Good day, all you... people. (dang, I just couldn't find anything clever to finish that with today)
Wow, it is tough out there finding people that will read your book when it is your first published novel. Right? Riight? Yes, it is. (Although I think that most of these things are likely to pertain to anyone, I have to admit that I am writing about my experiences as an indie author, rather than an author involved in legacy publishing)
There are lots of reasons for this:
Almost all readers already have favorite authors, and if this is your first book, you are not one of them. It's sad and not likely to change soon, (due to the not reading of your book) but it's something you need to be able to deal with.
There are thousands of books out there that cost less than yours, and were there first. People with ebook readers tend to have their readers loaded with free and cheap ebooks that they hope to one day, eventually, hopefully read. Yours is a newbie and it takes a while for people to find it.
Umm, who are you again? Aside from the handful of friends and family that are kind enough to read your blog once a week or so, not many people know who you are. Yet.
And then there are the reasons that are kicking around in your head, the may or may not be true.
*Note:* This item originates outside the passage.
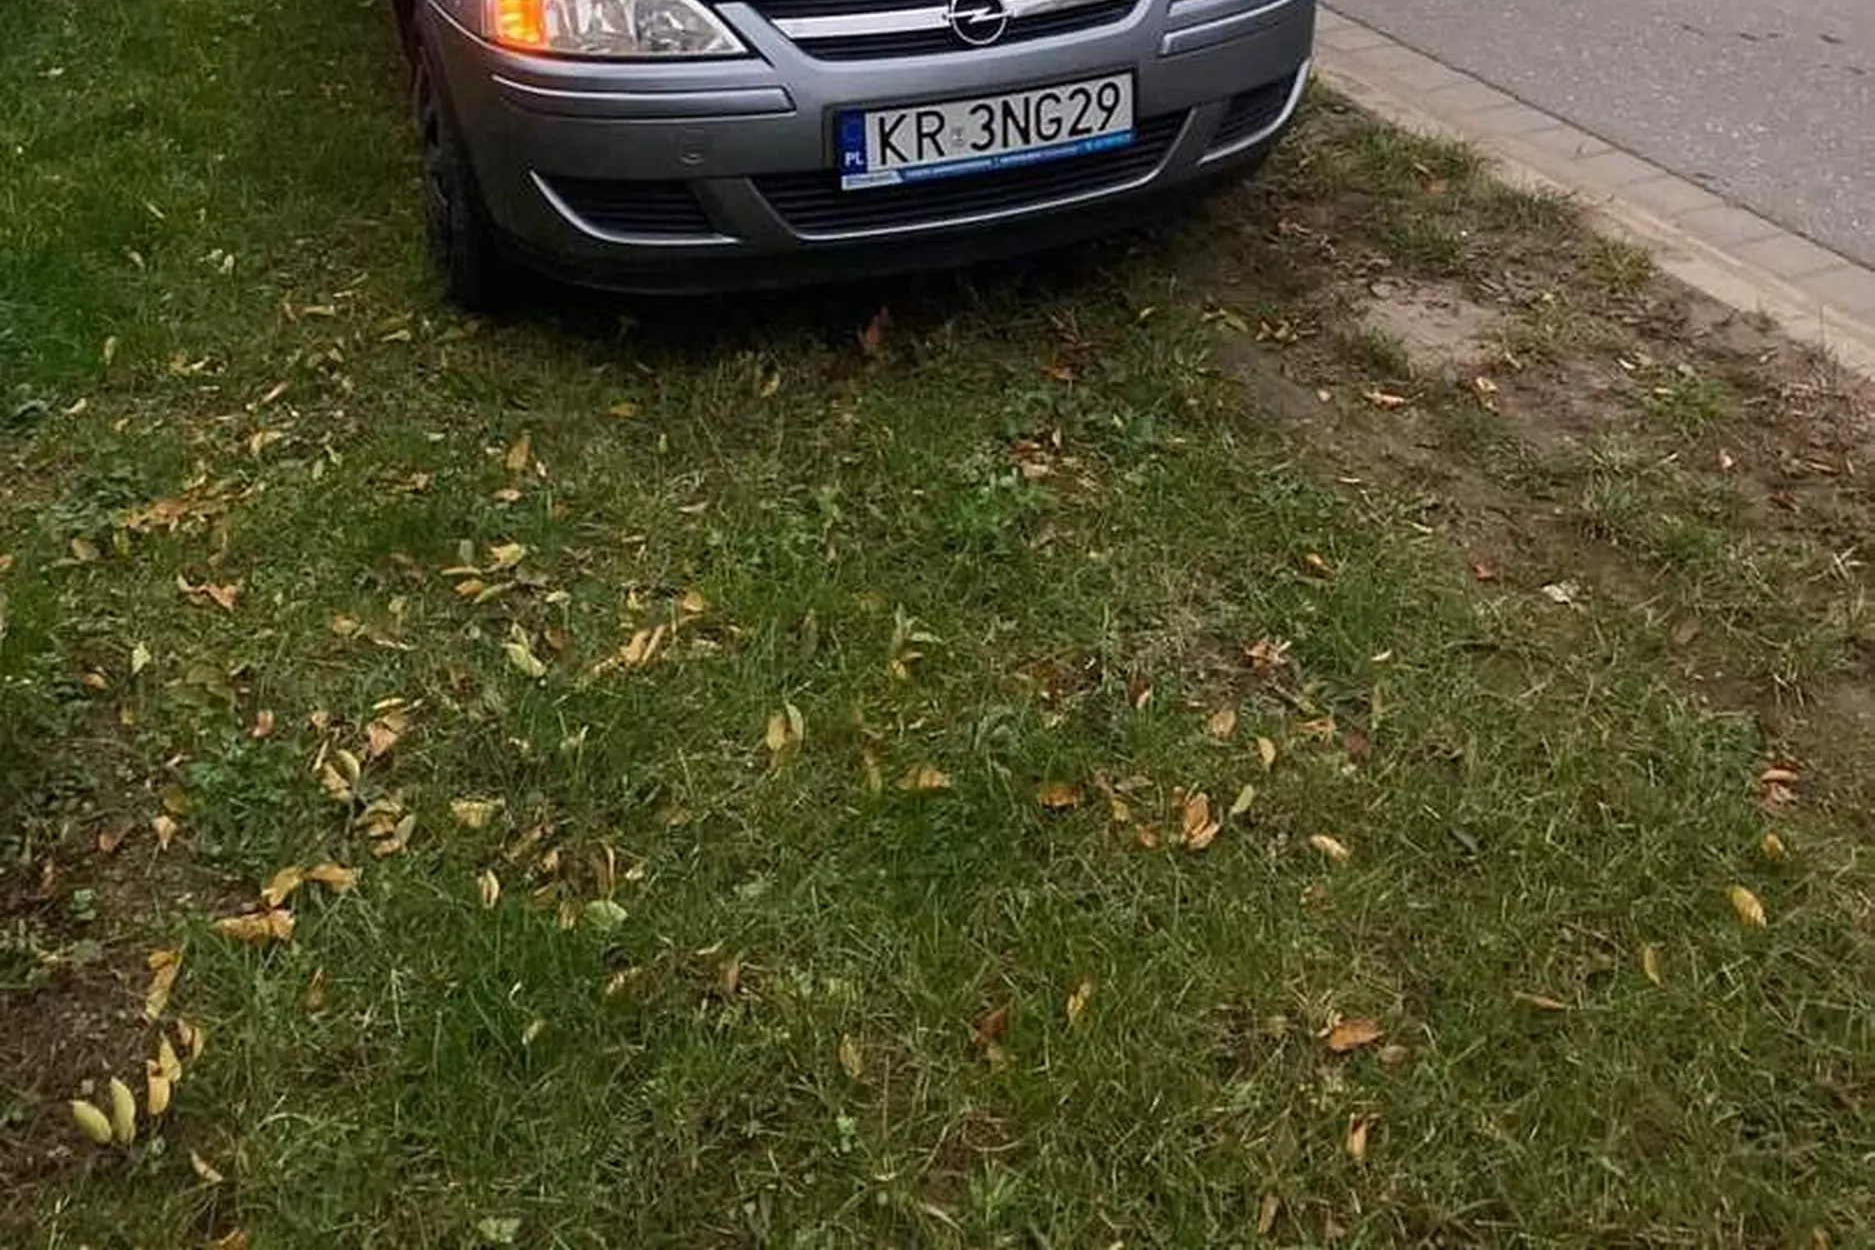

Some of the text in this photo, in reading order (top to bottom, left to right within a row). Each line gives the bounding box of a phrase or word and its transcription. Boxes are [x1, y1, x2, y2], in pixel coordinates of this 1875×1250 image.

[877, 109, 947, 166] KR
[967, 81, 1122, 152] 3NG29
[844, 151, 865, 167] PL
Your writing sucks. I believe every writer worries about this at some point. Maybe you didn't edit enough, maybe your dialogue is horrible, maybe your characters are unlikable, etc... These things could be true. If you think they are, maybe you should reread your book, re-edit, and decide if you really want it out there.
Of course, this is a short list that could be much, much longer. The truth of the matter is this: Finding an audience is a marathon, not a sprint- paraphrased from J.A. Konrath
You're not going to sell a million copies in your first month, probably not even 50 copies. This can be stressful, even if you went into it with realistic expectations. You believe in your work, you know it will succeed, so why should you have to wait? Because it takes time. Finding an agent, finding readers, finding your place... these all take time.
Hold out. Make changes if you think they are warranted, but keep moving forward. Write. Every. Day. If you want your work to be its best, you have to keep getting better.
Things to do that might help, maybe but also might not because this game is a lot of luck, include:
Have good cover art. If it looks dated, it's probably a turn off to today's readers. Hell, the stock art provided by places like Lulu or Createspace is better than a lot of the covers I've seen lately. This is the first thing people see, and no matter what they say, people do judge a book by its cover.
Keep your prices competitive.
Make sure your writing is at its best.